Киевский стихоплетишка Микола Бажан, дослужившийся на Украине до какого-то министерского портфеля, выступая в Москве, в Союзе писателей, сказал:
"Среди нашей интеллигенции нашлись, к сожалению, неустойчивые люди, которые думали в панике, что необходима переоценка всех ценностей, полная смена всех. Неправильно ставился вопрос и о личности И. В. Сталина. Многие ретивые редакторы дошли до того, что имя Сталина стали вычеркивать из наших произведений. Один из московских писателей заявил, что он горд тем, что ни в одном его произведении никогда имя Сталина не было упомянуто. А ведь гордиться-то нечем. Зачеркивать все, что было сделано Сталиным доброго, зачеркивать весь тот путь, который мы прошли, веря в Сталина как воплощение наших мечтаний и идеалов, видя в Сталине воплощение партийной воли и партийного руководства, было бы недостойно честных советских людей и честных советских писателей".
"Веря в Сталина как воплощение наших мечтаний и идеалов".
Подлец! Подлец этот Бажан!
- А миллионы и миллионы, - спрашиваю я, - безвинных людей, замученных в застенках ГПУ пытками этим "воплощением идеалов".
Им, им! Не жалкие же его палачи в ответе! Замученных им в одиночках, в каторге, в тюрьмах, в концлагерях, в ссылках. Расстрелянных им в затылок, как Мейерхольд, Перец Маркиш, Бухарин, Тухачевский и тысячи, тысячи других. Раздавленных на пустынных дорогах или в темных переулках, как великий артист Михоэлс.
Среди расстрелянных, раздавленных, замученных пытками и все друзья по революции Владимира Ильича - его старая большевистская гвардия, верная своему лидеру до его смертного часа. Тут гордость нашего воинства - полководцы, разбившие Деникина, Колчака, Юденича, Врангеля. Тут цвет искусства, науки и техники. Тут ум и мускулы деревни.
Бессмысленно, совершенно бессмысленно разбитые жизни, искалеченные, оклеветанные, обесчещенные, пущенные "в расход" наши лучшие люди.
"Мокрое" сталинское дело! Самое страшное "мокрое дело" за всю историю человечества.
Ну и подлец же, подлец этот Бажан. Этот Миколушка!…
"Есть много огромного, но огромней всего человек", - говорил Сократ.
Посмеемся же, друзья мои. Горестно посмеемся. Ведь и Бажан как будто тоже человек, он даже стишки пишет.
[...] В те берлинские времена Марья Федоровна уже была замужем за Петром Петровичем Крючковым ("Пэпэкрю", как его называли). Он являлся полновластным горьковским "коммерческим директором" - вел все его обширные "иностранные дела" по изданиям, переизданиям и переводам сочинений.

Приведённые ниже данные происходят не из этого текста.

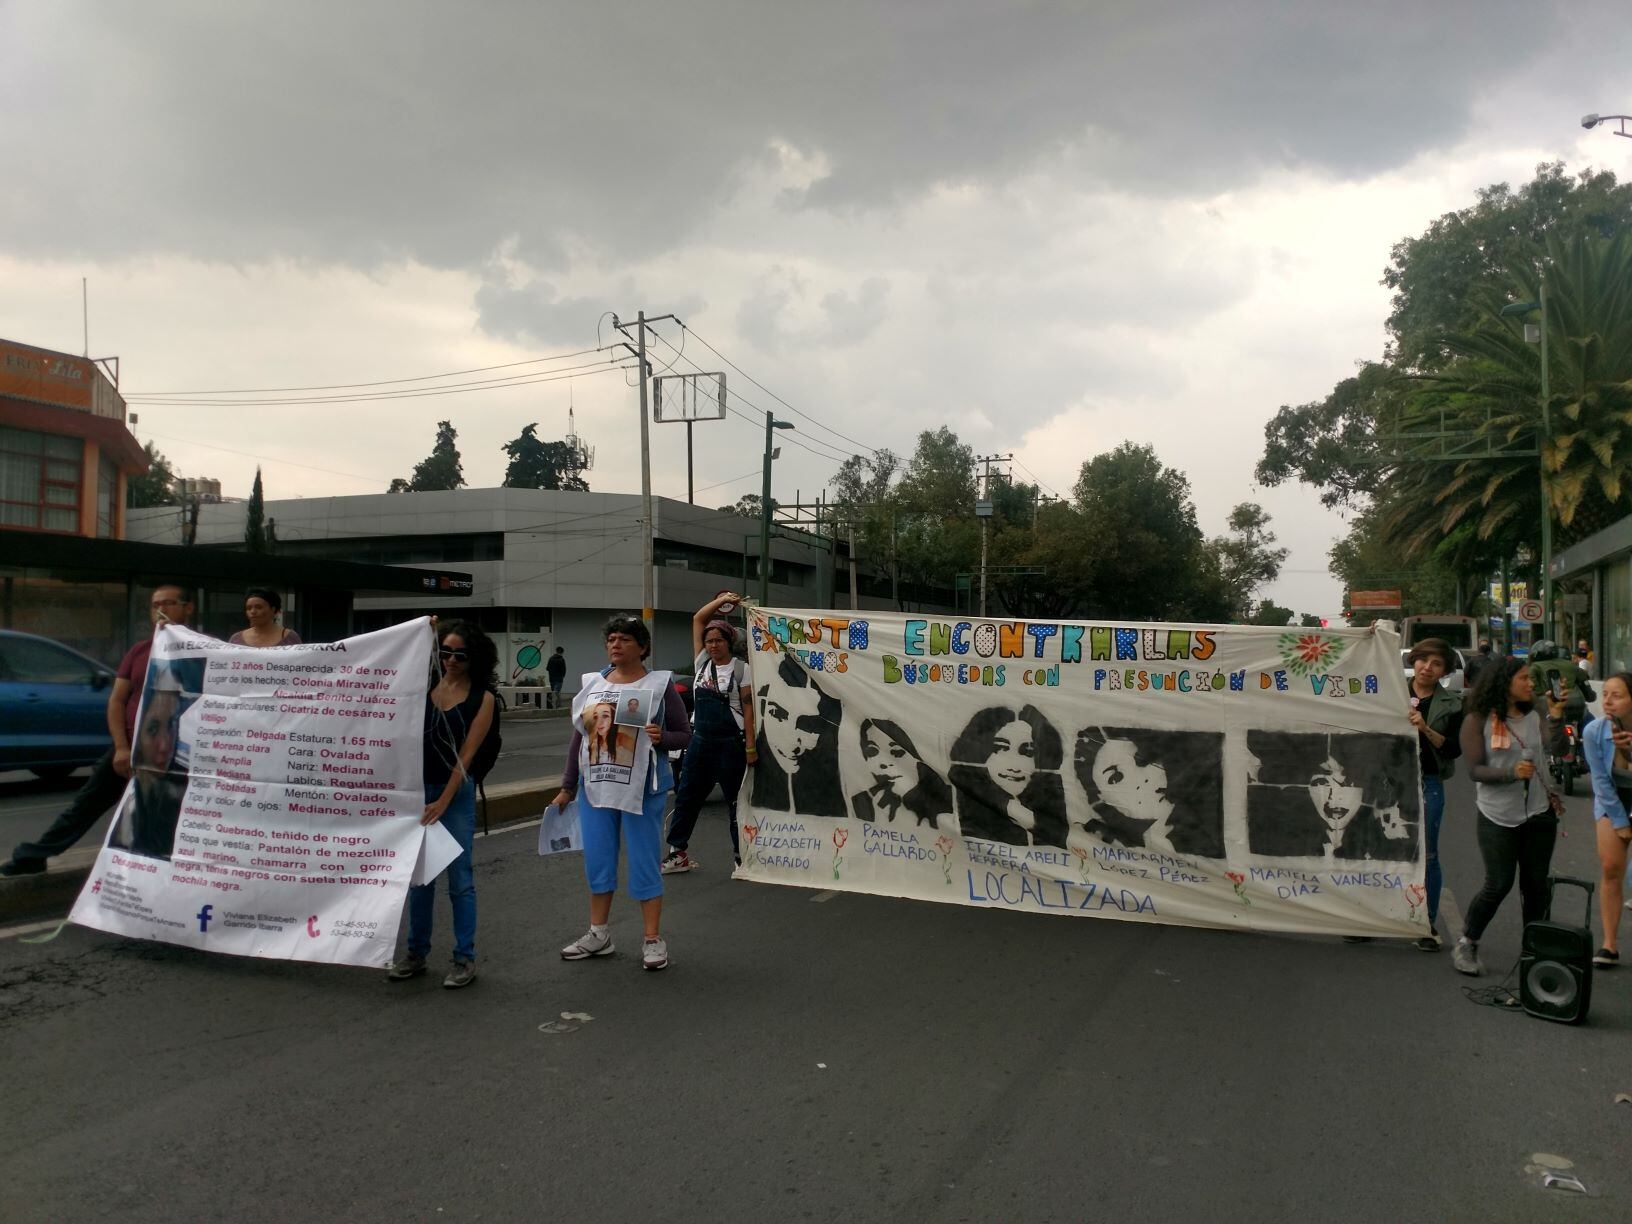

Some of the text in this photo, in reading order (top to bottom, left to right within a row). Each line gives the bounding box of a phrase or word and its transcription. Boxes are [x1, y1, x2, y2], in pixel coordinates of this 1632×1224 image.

[768, 616, 1217, 663] HASTA ENCONTRARLAS
[231, 661, 241, 670] 32
[243, 662, 264, 671] años
[266, 663, 336, 674] Desaparecida:
[340, 665, 353, 674] 30
[356, 666, 370, 675] de
[374, 668, 398, 676] nov
[882, 654, 1006, 687] BÚSQUEDAS
[1022, 663, 1060, 687] CON
[1094, 667, 1247, 693] PRESUNCIÓN
[1260, 670, 1289, 690] DE
[1310, 674, 1378, 698] VIDA
[229, 676, 240, 684] de
[241, 676, 253, 684] los
[255, 677, 289, 686] hechos:
[292, 677, 333, 688] Colonia
[336, 679, 390, 690] Miravalle
[317, 692, 352, 703] Benito
[356, 694, 396, 705] Juárez
[280, 704, 319, 714] Cicatriz
[322, 706, 335, 715] de
[338, 708, 385, 718] cesárea
[389, 712, 396, 720] y
[212, 741, 244, 751] Morena
[246, 744, 271, 753] clara
[246, 730, 286, 741] Delgada
[290, 732, 336, 744] Estatura:
[341, 736, 366, 746] 1.65
[369, 739, 392, 748] mts
[221, 755, 252, 766] Amplia
[288, 747, 370, 761] Cara: Ovalada
[288, 761, 374, 775] Nariz: Mediana
[215, 781, 256, 794] Pobladas
[287, 775, 396, 790] Labios: Regulares
[285, 788, 388, 803] Mentón: Ovalado
[184, 806, 222, 818] obscuros
[240, 799, 252, 808] de
[257, 801, 281, 811] ojos:
[288, 803, 352, 816] Medianos,
[360, 808, 396, 817] cafés
[753, 816, 805, 833] VIVIANA
[271, 831, 309, 841] teñido
[313, 833, 328, 842] de
[333, 836, 370, 846] negro
[863, 823, 919, 844] PAMELA
[202, 838, 219, 846] que
[258, 843, 310, 856] Pantalón
[316, 848, 331, 857] de
[337, 849, 396, 858] mezclilla
[754, 836, 821, 851] ELIZABETH
[863, 838, 937, 862] GALLARDO
[178, 847, 195, 856] azul
[203, 851, 239, 864] marino,
[250, 857, 307, 869] chamarra
[360, 863, 392, 872] gorro
[756, 851, 810, 870] GARRIDO
[965, 840, 1071, 867] ITZEL ARELI
[969, 853, 1031, 874] HERRERA
[172, 874, 242, 892] mochila negra.
[231, 869, 270, 880] negros
[274, 874, 296, 882] con
[300, 876, 335, 884] suela
[340, 876, 378, 885] blanca
[381, 879, 388, 887] y
[1250, 867, 1403, 889] MARIELA VANESSA
[967, 870, 1158, 916] LOCALIZADA
[1278, 881, 1324, 900] DÍAZ
[257, 913, 297, 924] Elizabeth

[...] Мне говорили, что Алексей Максимович, знавший русского человека "на взгляд и на ощупь", относился к Пэпэкрю с сердцем.
А после кончины Горького, умершего, разумеется, обычной человеческой смертью, Сталин… расстрелял Крючкова.
За что?… Народу сказано было: за преднамеренное злодейское убийство.
Кого?
Горького.
Фантасмагория!
В двадцатых годах психологические пьесы, психологический театр были не в моде. Это называли "психоложеством".
* * *
[...] Действительно, я ему не льстил, так как никогда, к сожалению, не умел этого делать. А ведь лесть, даже глупая, так облегчает жизнь!
- Вы, Бабель, прекрасный писатель!
Для меня самого эти слова явились совершенно неожиданными. Даже прекрасному поэту Есенину я ни разу в жизни не сказал, что он прекрасный поэт.
- Спокойной ночи, брат дервиша.
Исаак Бабель тоже умер в сталинской каторжной тюрьме.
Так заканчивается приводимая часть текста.